**WORK INSTRUCTIONS:**
What follows is a set of records. Repeat every one of them exactly.

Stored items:
++++++++
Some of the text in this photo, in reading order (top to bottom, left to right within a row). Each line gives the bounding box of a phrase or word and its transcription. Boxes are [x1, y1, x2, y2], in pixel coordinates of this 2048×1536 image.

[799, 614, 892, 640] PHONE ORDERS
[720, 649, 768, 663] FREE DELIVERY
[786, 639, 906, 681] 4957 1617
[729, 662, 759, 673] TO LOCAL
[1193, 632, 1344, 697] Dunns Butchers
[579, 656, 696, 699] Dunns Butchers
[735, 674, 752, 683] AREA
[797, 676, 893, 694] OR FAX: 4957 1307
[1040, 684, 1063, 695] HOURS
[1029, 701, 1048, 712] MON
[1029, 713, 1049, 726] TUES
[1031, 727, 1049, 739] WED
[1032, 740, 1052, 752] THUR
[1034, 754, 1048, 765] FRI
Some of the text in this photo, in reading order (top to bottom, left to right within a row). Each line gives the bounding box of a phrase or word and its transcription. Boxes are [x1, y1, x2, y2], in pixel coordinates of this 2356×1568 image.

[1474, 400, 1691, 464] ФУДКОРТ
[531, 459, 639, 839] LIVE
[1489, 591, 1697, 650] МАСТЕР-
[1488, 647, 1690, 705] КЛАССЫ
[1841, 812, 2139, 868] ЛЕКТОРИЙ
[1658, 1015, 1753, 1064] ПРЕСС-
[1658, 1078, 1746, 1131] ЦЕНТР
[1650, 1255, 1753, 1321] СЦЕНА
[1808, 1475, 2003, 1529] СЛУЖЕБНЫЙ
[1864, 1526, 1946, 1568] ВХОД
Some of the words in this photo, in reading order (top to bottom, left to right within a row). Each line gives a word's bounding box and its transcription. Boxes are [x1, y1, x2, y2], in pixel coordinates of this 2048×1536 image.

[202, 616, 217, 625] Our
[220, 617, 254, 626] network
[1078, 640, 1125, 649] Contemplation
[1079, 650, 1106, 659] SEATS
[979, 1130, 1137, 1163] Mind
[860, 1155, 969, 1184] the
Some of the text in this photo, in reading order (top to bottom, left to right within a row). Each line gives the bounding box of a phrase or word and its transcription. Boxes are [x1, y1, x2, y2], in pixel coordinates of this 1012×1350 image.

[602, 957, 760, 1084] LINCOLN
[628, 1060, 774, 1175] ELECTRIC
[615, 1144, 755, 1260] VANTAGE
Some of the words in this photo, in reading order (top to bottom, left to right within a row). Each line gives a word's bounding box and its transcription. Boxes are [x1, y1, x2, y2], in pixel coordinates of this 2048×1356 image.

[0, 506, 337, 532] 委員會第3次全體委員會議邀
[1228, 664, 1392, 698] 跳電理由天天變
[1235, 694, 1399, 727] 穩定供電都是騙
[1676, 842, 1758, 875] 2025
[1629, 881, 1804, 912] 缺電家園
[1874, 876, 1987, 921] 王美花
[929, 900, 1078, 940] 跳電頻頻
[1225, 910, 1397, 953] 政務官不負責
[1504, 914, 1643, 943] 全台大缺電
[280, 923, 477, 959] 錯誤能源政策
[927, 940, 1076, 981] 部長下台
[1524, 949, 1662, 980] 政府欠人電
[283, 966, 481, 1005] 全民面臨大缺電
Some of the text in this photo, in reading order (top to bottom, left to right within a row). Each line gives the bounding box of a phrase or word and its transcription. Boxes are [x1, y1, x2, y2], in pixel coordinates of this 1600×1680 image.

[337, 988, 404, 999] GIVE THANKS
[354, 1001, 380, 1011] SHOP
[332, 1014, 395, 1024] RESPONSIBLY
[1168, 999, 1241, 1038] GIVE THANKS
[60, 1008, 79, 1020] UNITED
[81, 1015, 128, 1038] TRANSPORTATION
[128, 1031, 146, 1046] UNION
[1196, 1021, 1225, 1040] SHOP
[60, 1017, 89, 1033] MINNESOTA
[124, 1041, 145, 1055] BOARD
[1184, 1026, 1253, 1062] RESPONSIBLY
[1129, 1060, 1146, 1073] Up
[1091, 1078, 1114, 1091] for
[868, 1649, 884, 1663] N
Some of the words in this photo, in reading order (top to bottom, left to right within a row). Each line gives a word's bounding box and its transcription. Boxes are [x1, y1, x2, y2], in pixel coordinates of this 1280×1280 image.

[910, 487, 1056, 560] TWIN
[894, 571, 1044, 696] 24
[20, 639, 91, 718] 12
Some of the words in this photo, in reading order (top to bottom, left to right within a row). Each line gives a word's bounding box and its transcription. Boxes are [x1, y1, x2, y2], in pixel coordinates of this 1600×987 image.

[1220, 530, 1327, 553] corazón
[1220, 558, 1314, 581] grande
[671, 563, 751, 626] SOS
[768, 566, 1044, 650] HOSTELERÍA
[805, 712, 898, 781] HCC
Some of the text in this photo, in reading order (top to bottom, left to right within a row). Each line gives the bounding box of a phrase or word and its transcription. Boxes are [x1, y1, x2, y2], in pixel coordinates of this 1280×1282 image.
++++++++
**EXERCISE SOLUTION:**
Some of the text in this photo, in reading order (top to bottom, left to right within a row). Each line gives the bounding box of a phrase or word and its transcription. Boxes are [x1, y1, x2, y2], in pixel coordinates of this 2048×1536 image.

[799, 614, 892, 640] PHONE ORDERS
[720, 649, 768, 663] FREE DELIVERY
[786, 639, 906, 681] 4957 1617
[729, 662, 759, 673] TO LOCAL
[1193, 632, 1344, 697] Dunns Butchers
[579, 656, 696, 699] Dunns Butchers
[735, 674, 752, 683] AREA
[797, 676, 893, 694] OR FAX: 4957 1307
[1040, 684, 1063, 695] HOURS
[1029, 701, 1048, 712] MON
[1029, 713, 1049, 726] TUES
[1031, 727, 1049, 739] WED
[1032, 740, 1052, 752] THUR
[1034, 754, 1048, 765] FRI
Some of the text in this photo, in reading order (top to bottom, left to right within a row). Each line gives the bounding box of a phrase or word and its transcription. Boxes are [x1, y1, x2, y2], in pixel coordinates of this 2356×1568 image.

[1474, 400, 1691, 464] ФУДКОРТ
[531, 459, 639, 839] LIVE
[1489, 591, 1697, 650] МАСТЕР-
[1488, 647, 1690, 705] КЛАССЫ
[1841, 812, 2139, 868] ЛЕКТОРИЙ
[1658, 1015, 1753, 1064] ПРЕСС-
[1658, 1078, 1746, 1131] ЦЕНТР
[1650, 1255, 1753, 1321] СЦЕНА
[1808, 1475, 2003, 1529] СЛУЖЕБНЫЙ
[1864, 1526, 1946, 1568] ВХОД
Some of the words in this photo, in reading order (top to bottom, left to right within a row). Each line gives a word's bounding box and its transcription. Boxes are [x1, y1, x2, y2], in pixel coordinates of this 2048×1536 image.

[202, 616, 217, 625] Our
[220, 617, 254, 626] network
[1078, 640, 1125, 649] Contemplation
[1079, 650, 1106, 659] SEATS
[979, 1130, 1137, 1163] Mind
[860, 1155, 969, 1184] the
Some of the text in this photo, in reading order (top to bottom, left to right within a row). Each line gives the bounding box of a phrase or word and its transcription. Boxes are [x1, y1, x2, y2], in pixel coordinates of this 1012×1350 image.

[602, 957, 760, 1084] LINCOLN
[628, 1060, 774, 1175] ELECTRIC
[615, 1144, 755, 1260] VANTAGE
Some of the words in this photo, in reading order (top to bottom, left to right within a row). Each line gives a word's bounding box and its transcription. Boxes are [x1, y1, x2, y2], in pixel coordinates of this 2048×1356 image.

[0, 506, 337, 532] 委員會第3次全體委員會議邀
[1228, 664, 1392, 698] 跳電理由天天變
[1235, 694, 1399, 727] 穩定供電都是騙
[1676, 842, 1758, 875] 2025
[1629, 881, 1804, 912] 缺電家園
[1874, 876, 1987, 921] 王美花
[929, 900, 1078, 940] 跳電頻頻
[1225, 910, 1397, 953] 政務官不負責
[1504, 914, 1643, 943] 全台大缺電
[280, 923, 477, 959] 錯誤能源政策
[927, 940, 1076, 981] 部長下台
[1524, 949, 1662, 980] 政府欠人電
[283, 966, 481, 1005] 全民面臨大缺電
Some of the text in this photo, in reading order (top to bottom, left to right within a row). Each line gives the bounding box of a phrase or word and its transcription. Boxes are [x1, y1, x2, y2], in pixel coordinates of this 1600×1680 image.

[337, 988, 404, 999] GIVE THANKS
[354, 1001, 380, 1011] SHOP
[332, 1014, 395, 1024] RESPONSIBLY
[1168, 999, 1241, 1038] GIVE THANKS
[60, 1008, 79, 1020] UNITED
[81, 1015, 128, 1038] TRANSPORTATION
[128, 1031, 146, 1046] UNION
[1196, 1021, 1225, 1040] SHOP
[60, 1017, 89, 1033] MINNESOTA
[124, 1041, 145, 1055] BOARD
[1184, 1026, 1253, 1062] RESPONSIBLY
[1129, 1060, 1146, 1073] Up
[1091, 1078, 1114, 1091] for
[868, 1649, 884, 1663] N
Some of the words in this photo, in reading order (top to bottom, left to right within a row). Each line gives a word's bounding box and its transcription. Boxes are [x1, y1, x2, y2], in pixel coordinates of this 1280×1280 image.

[910, 487, 1056, 560] TWIN
[894, 571, 1044, 696] 24
[20, 639, 91, 718] 12
Some of the words in this photo, in reading order (top to bottom, left to right within a row). Each line gives a word's bounding box and its transcription. Boxes are [x1, y1, x2, y2], in pixel coordinates of this 1600×987 image.

[1220, 530, 1327, 553] corazón
[1220, 558, 1314, 581] grande
[671, 563, 751, 626] SOS
[768, 566, 1044, 650] HOSTELERÍA
[805, 712, 898, 781] HCC
Some of the text in this photo, in reading order (top to bottom, left to right within a row). Each line gives the bounding box of a phrase or word and its transcription. Boxes are [x1, y1, x2, y2], in pixel coordinates of this 1280×1282 image.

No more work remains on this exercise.